━━ Material for the task

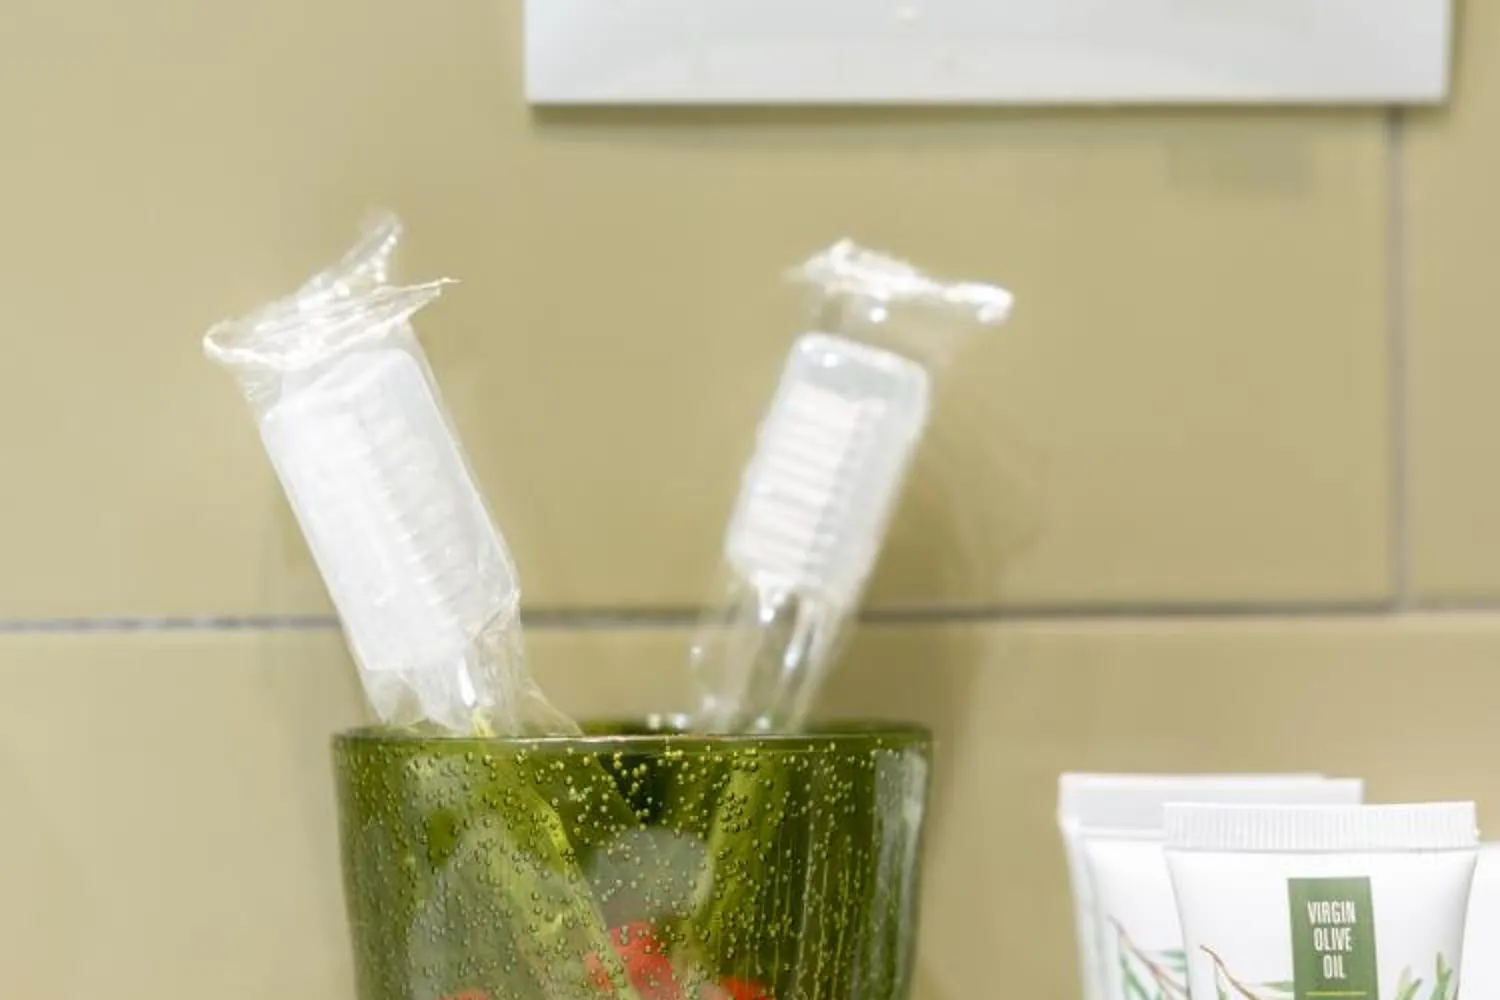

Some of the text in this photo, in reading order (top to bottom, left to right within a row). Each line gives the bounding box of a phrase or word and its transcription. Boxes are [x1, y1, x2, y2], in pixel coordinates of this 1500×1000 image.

[1306, 900, 1357, 925] VIRGIN
[1313, 927, 1353, 952] OLIVE
[1322, 955, 1347, 980] OIL
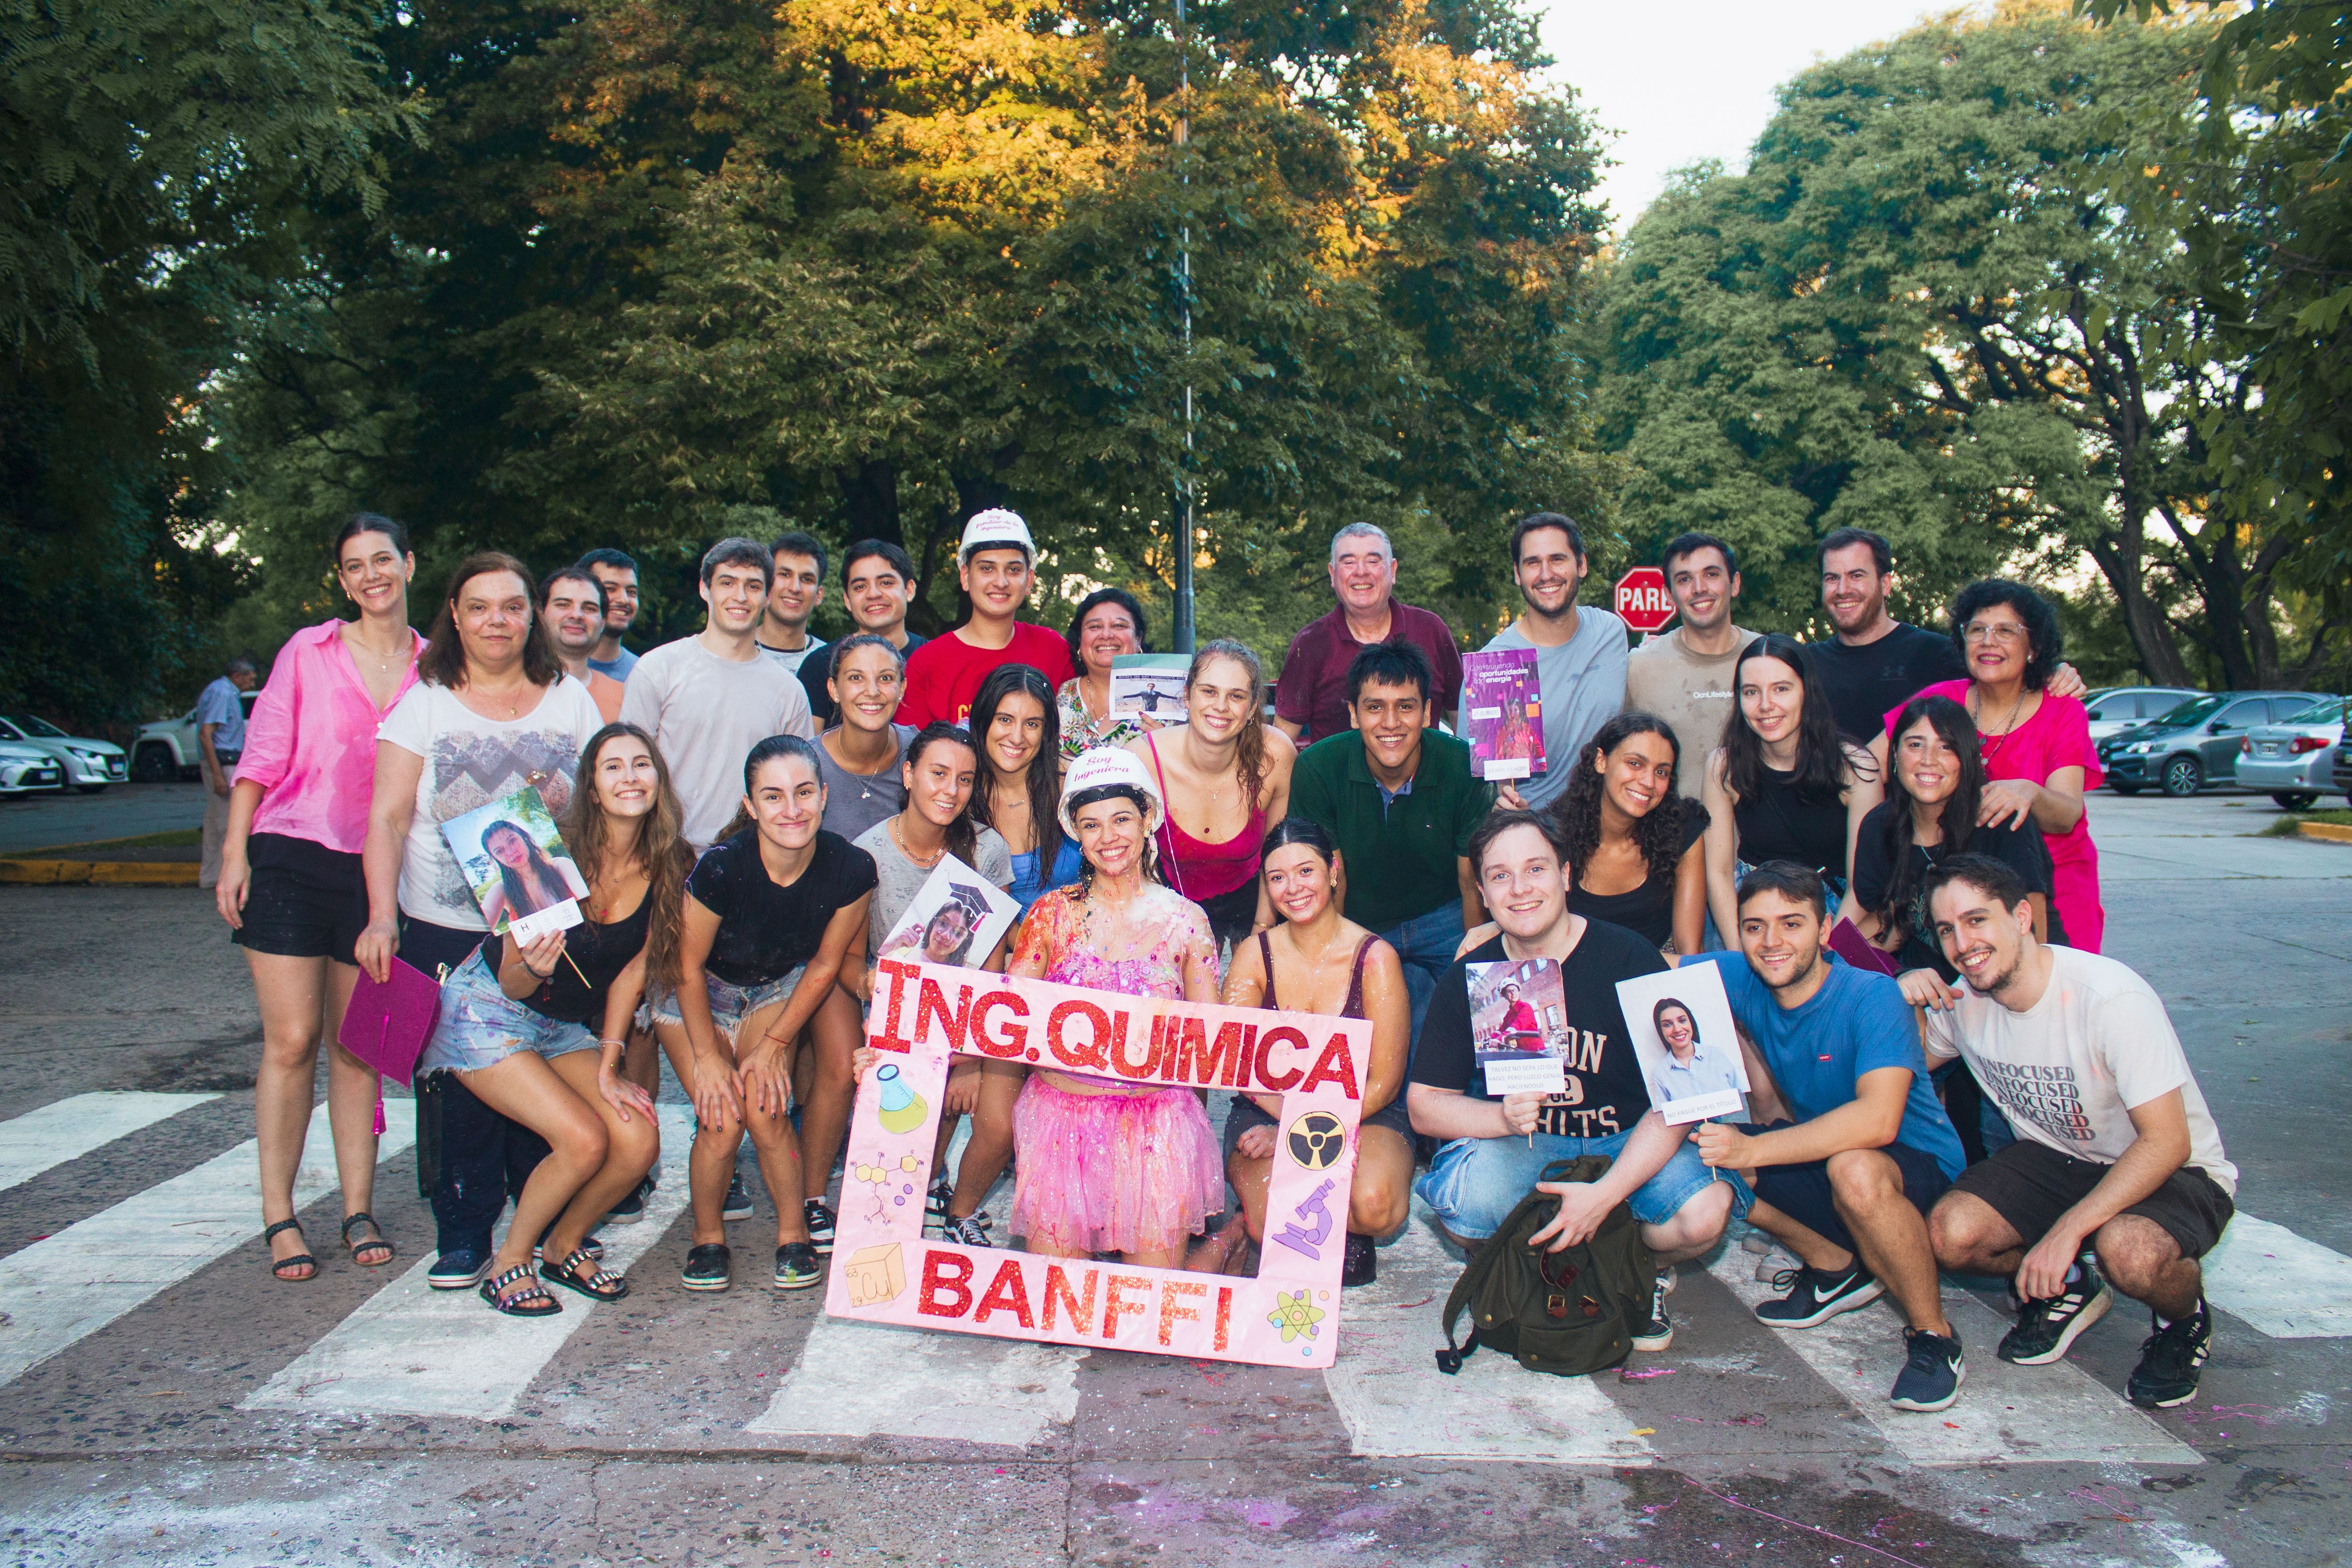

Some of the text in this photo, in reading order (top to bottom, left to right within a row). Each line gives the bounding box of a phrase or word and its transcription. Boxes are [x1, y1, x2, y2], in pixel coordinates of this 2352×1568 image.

[1469, 662, 1515, 671] Construyendo
[1479, 668, 1529, 678] oportunidades
[1087, 756, 1112, 766] Soy
[1074, 765, 1130, 782] Ingeniera
[1977, 1055, 2075, 1082] UNFOCUSED
[1677, 1108, 1696, 1116] PAGUÉ
[1717, 1099, 1736, 1108] TÍTULO
[846, 1268, 858, 1278] 63
[862, 1272, 891, 1300] Cu
[852, 1296, 863, 1308] 29
[918, 1249, 1232, 1353] BANFFI
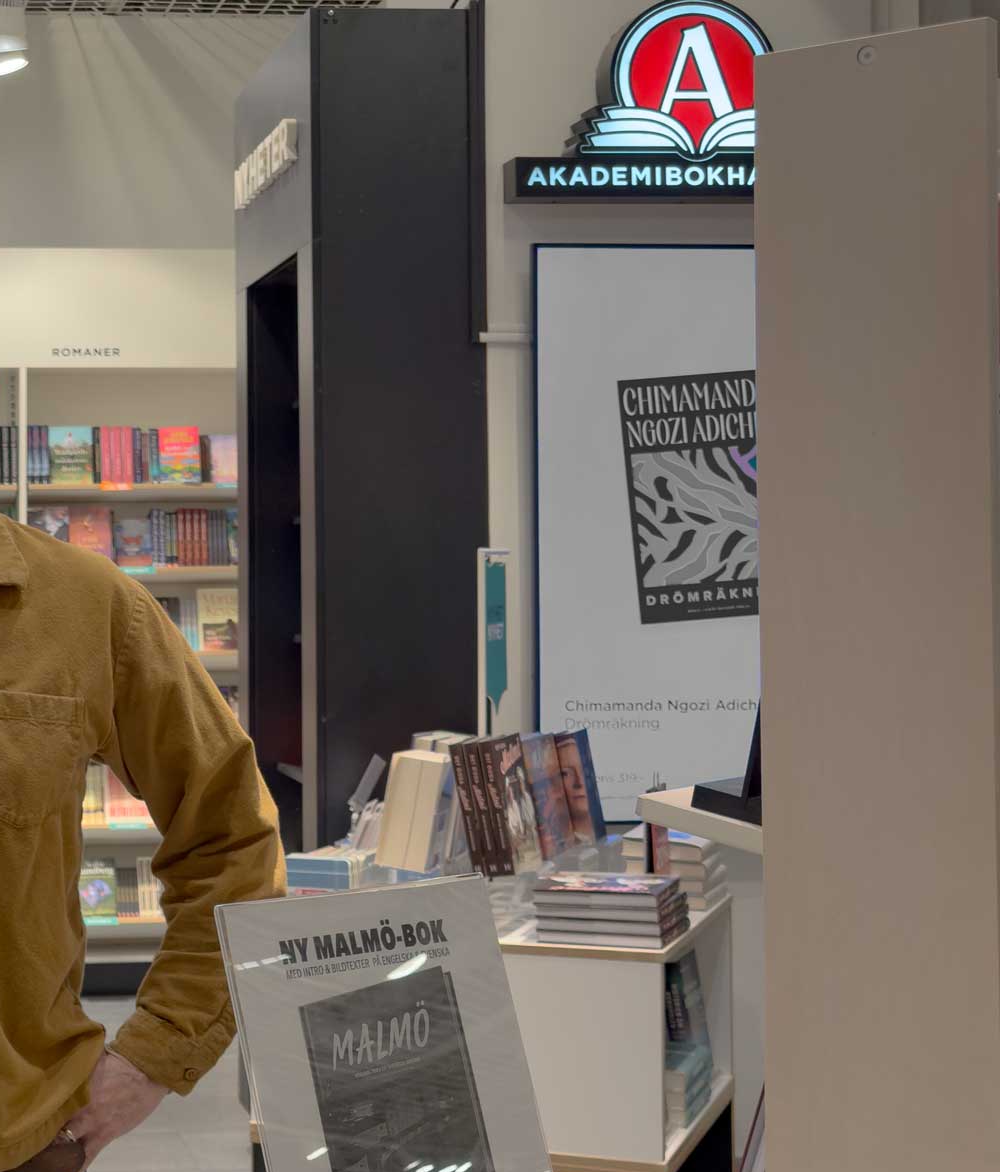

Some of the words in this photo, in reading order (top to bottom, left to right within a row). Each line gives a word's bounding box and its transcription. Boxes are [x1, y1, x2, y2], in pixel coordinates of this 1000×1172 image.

[659, 22, 734, 119] A
[527, 166, 755, 187] AKADEMIBOKHA
[51, 347, 121, 357] ROMANER
[622, 379, 757, 417] CHIMAMAND
[626, 416, 688, 448] NGOZI
[692, 411, 757, 444] ADICH
[646, 587, 758, 606] DRÖMRÄKN
[564, 699, 662, 712] Chimamanda
[667, 699, 711, 714] Ngozi
[716, 698, 757, 712] Adich
[279, 937, 309, 965] NY
[312, 918, 448, 960] MALMÖ-BOK
[286, 968, 303, 980] MED
[303, 966, 324, 977] INTRO
[325, 966, 331, 975] &
[331, 958, 369, 973] BILDTEXTER
[373, 954, 382, 967] PÅ
[383, 951, 413, 966] ENGELSKA
[332, 1000, 430, 1071] MALMÖ
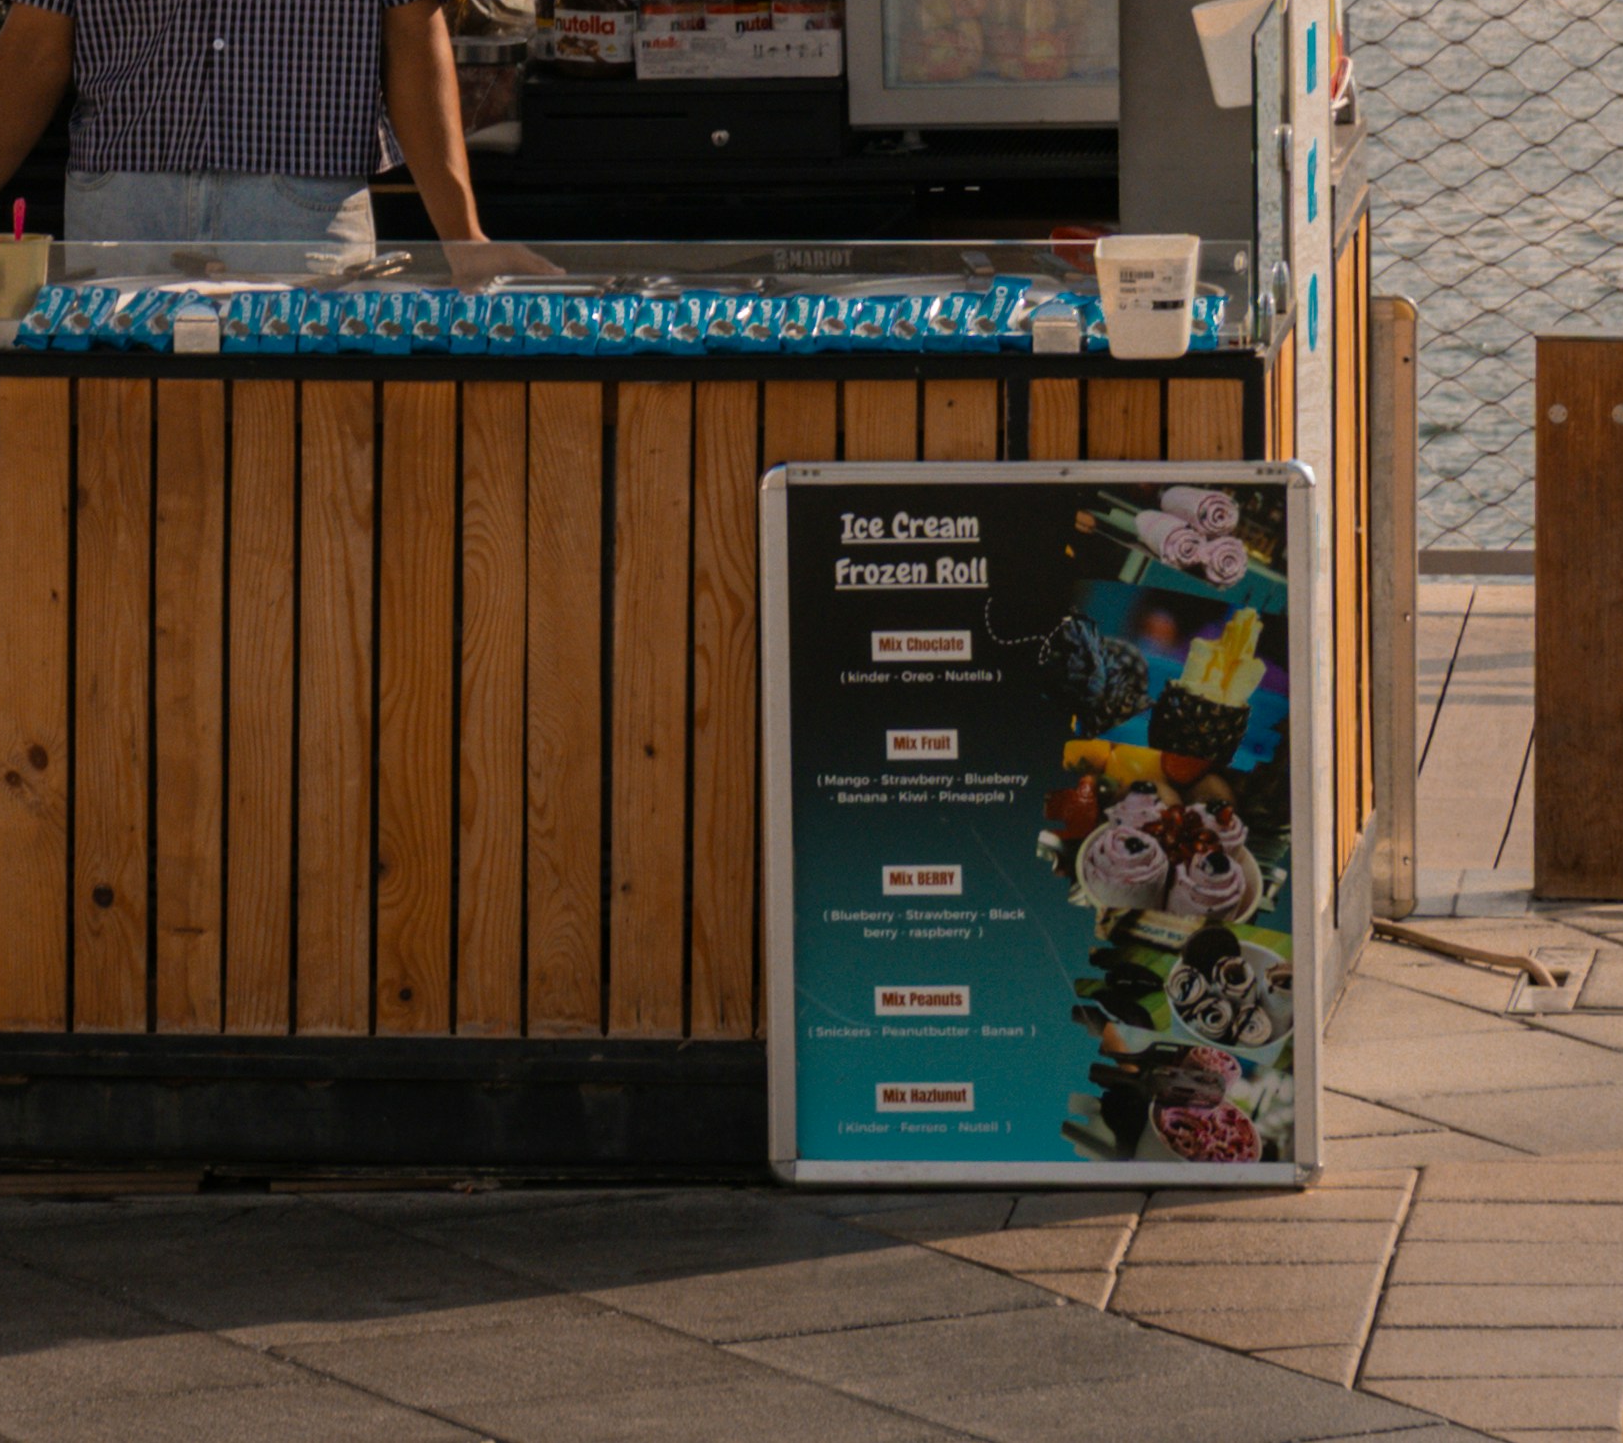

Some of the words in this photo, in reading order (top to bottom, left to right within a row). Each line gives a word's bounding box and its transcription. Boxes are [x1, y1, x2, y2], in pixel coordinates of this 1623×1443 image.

[554, 15, 616, 35] nutella
[788, 249, 852, 268] MARIOT
[840, 512, 885, 538] Ice
[892, 510, 980, 538] Cream
[834, 557, 928, 585] Frozen
[936, 555, 988, 584] Roll
[878, 637, 902, 653] Mix
[905, 636, 965, 652] Choclate
[848, 670, 891, 684] kinder
[901, 670, 935, 682] Oreo
[945, 669, 993, 682] Nutella
[893, 735, 916, 750] Mix
[920, 734, 951, 750] Fruit
[825, 774, 870, 788] Mango
[880, 773, 954, 787] Strawberry
[963, 772, 1029, 787] Blueberry
[837, 791, 888, 803] Banana
[898, 790, 928, 802] Kiwi
[938, 790, 1006, 805] Pineapple
[889, 871, 913, 886] Mix
[917, 870, 955, 885] BERRY
[830, 909, 894, 923] Blueberry
[905, 909, 978, 923] Strawberry
[988, 908, 1026, 920] Black
[863, 927, 898, 941] berry
[908, 927, 972, 941] raspberry
[881, 992, 905, 1007] Mix
[909, 991, 962, 1007] Peanuts
[815, 1026, 872, 1038] Snickers
[882, 1025, 970, 1037] Peanutbutter
[882, 1088, 907, 1103] Mix

━━━━

# What is needed:
Print the line containing "this 1623×1443 image.", then every line after it through the last line of the records, each exactly as written; nothing else belongs in the answer.

# Exercise response:
Some of the words in this photo, in reading order (top to bottom, left to right within a row). Each line gives a word's bounding box and its transcription. Boxes are [x1, y1, x2, y2], in pixel coordinates of this 1623×1443 image.

[554, 15, 616, 35] nutella
[788, 249, 852, 268] MARIOT
[840, 512, 885, 538] Ice
[892, 510, 980, 538] Cream
[834, 557, 928, 585] Frozen
[936, 555, 988, 584] Roll
[878, 637, 902, 653] Mix
[905, 636, 965, 652] Choclate
[848, 670, 891, 684] kinder
[901, 670, 935, 682] Oreo
[945, 669, 993, 682] Nutella
[893, 735, 916, 750] Mix
[920, 734, 951, 750] Fruit
[825, 774, 870, 788] Mango
[880, 773, 954, 787] Strawberry
[963, 772, 1029, 787] Blueberry
[837, 791, 888, 803] Banana
[898, 790, 928, 802] Kiwi
[938, 790, 1006, 805] Pineapple
[889, 871, 913, 886] Mix
[917, 870, 955, 885] BERRY
[830, 909, 894, 923] Blueberry
[905, 909, 978, 923] Strawberry
[988, 908, 1026, 920] Black
[863, 927, 898, 941] berry
[908, 927, 972, 941] raspberry
[881, 992, 905, 1007] Mix
[909, 991, 962, 1007] Peanuts
[815, 1026, 872, 1038] Snickers
[882, 1025, 970, 1037] Peanutbutter
[882, 1088, 907, 1103] Mix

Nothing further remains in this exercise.